» What is needed: An exact reprint of the listing is required, with no pictures included.

» The data:
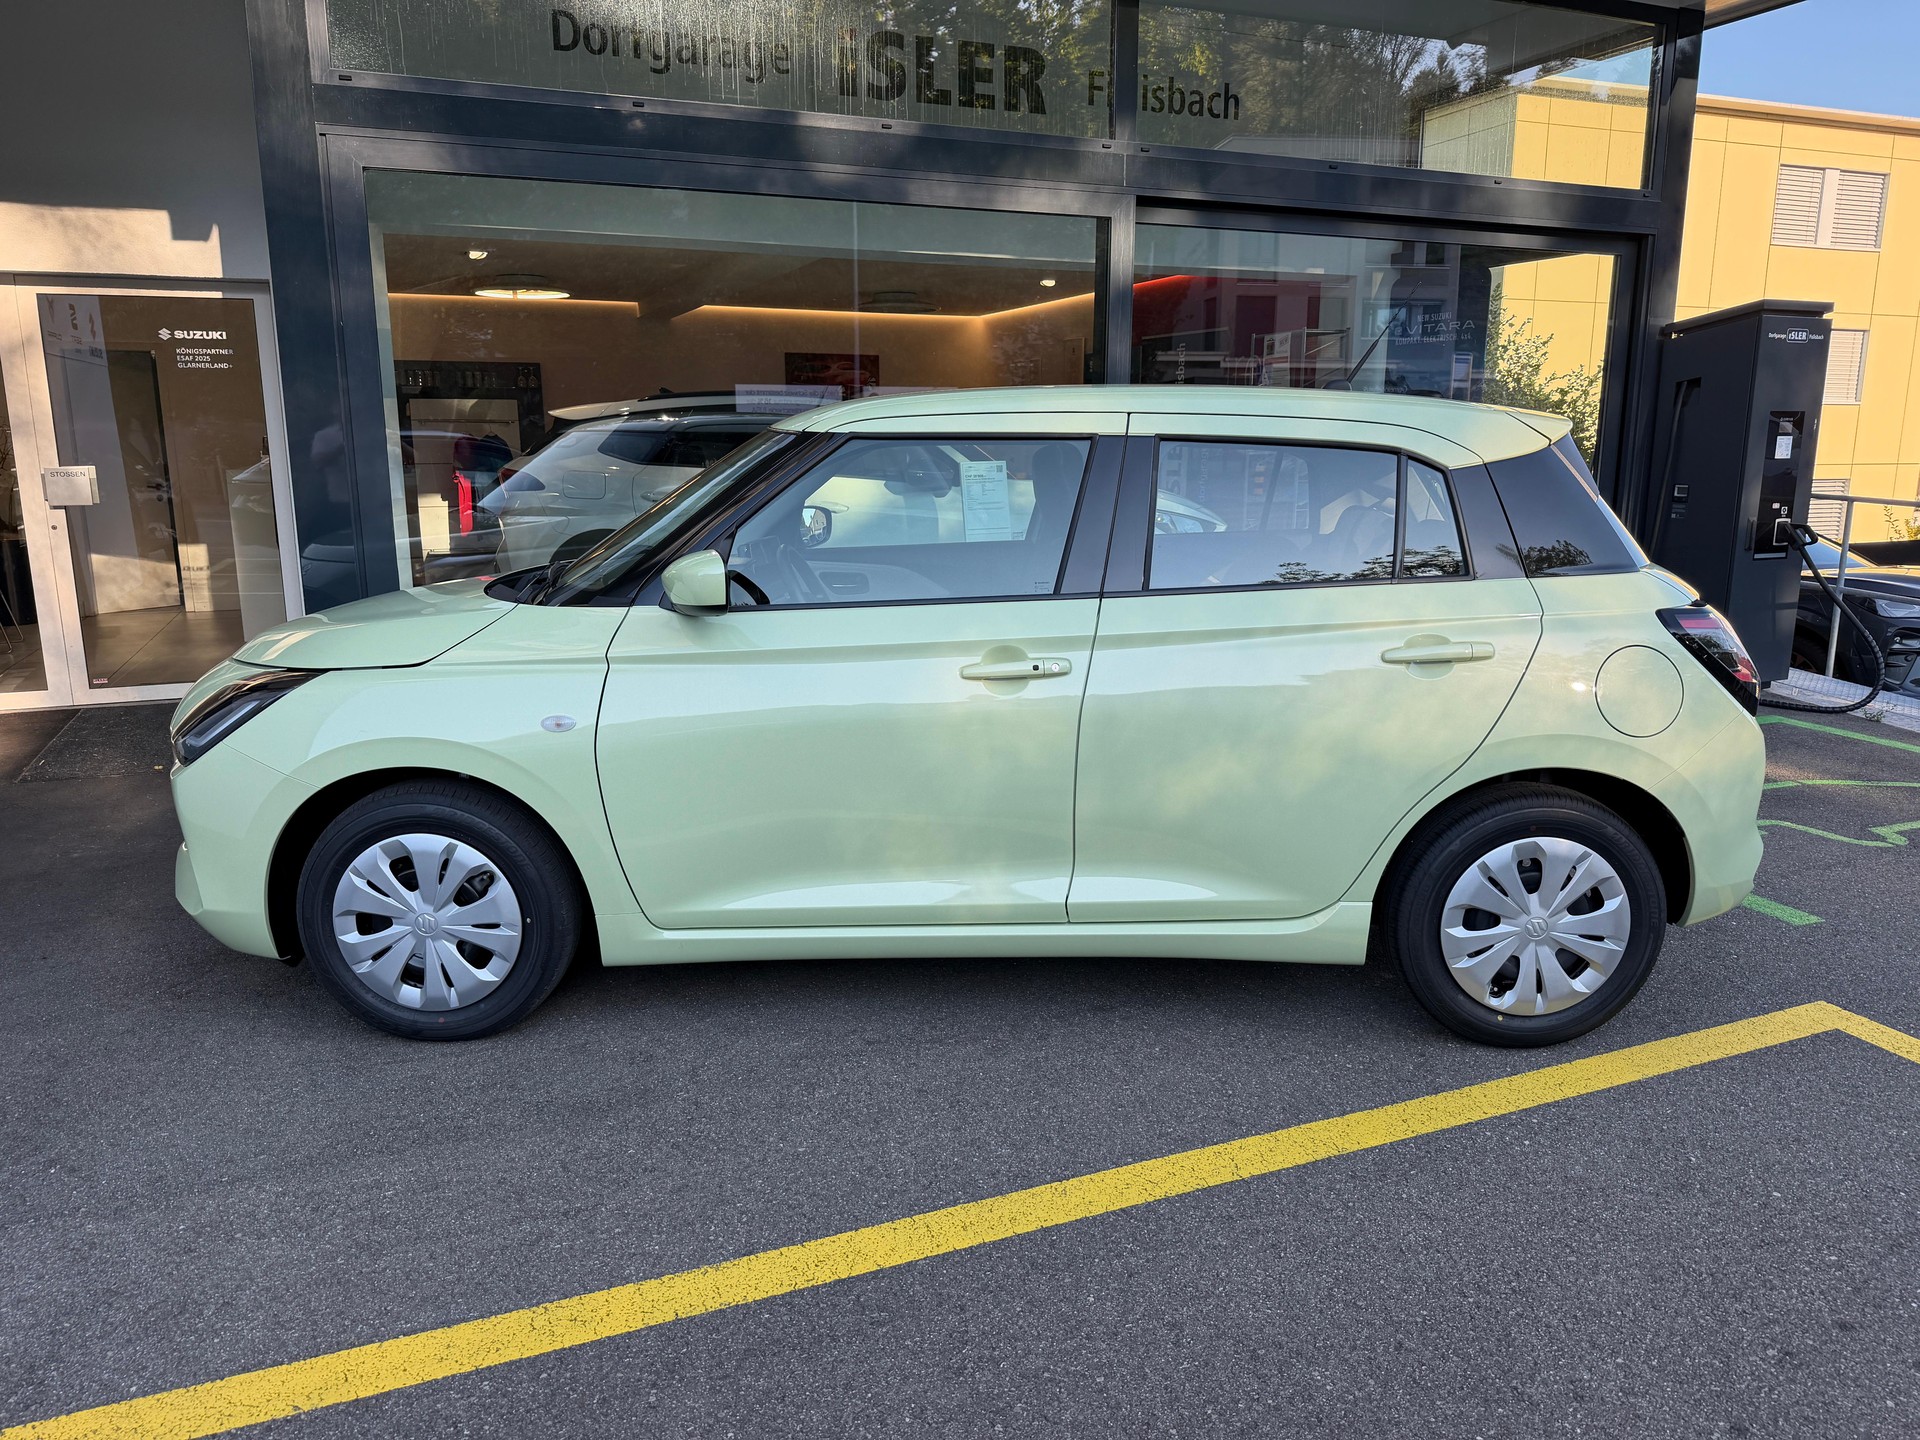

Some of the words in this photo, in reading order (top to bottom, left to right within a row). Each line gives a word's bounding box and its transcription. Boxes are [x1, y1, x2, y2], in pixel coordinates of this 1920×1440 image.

[1417, 313, 1430, 322] NEW
[1431, 311, 1452, 321] SUZUKI
[173, 330, 227, 340] SUZUKI
[175, 346, 234, 355] KÖNIGSPARTNER

» Exercise result:
Some of the words in this photo, in reading order (top to bottom, left to right within a row). Each line gives a word's bounding box and its transcription. Boxes are [x1, y1, x2, y2], in pixel coordinates of this 1920×1440 image.

[1417, 313, 1430, 322] NEW
[1431, 311, 1452, 321] SUZUKI
[173, 330, 227, 340] SUZUKI
[175, 346, 234, 355] KÖNIGSPARTNER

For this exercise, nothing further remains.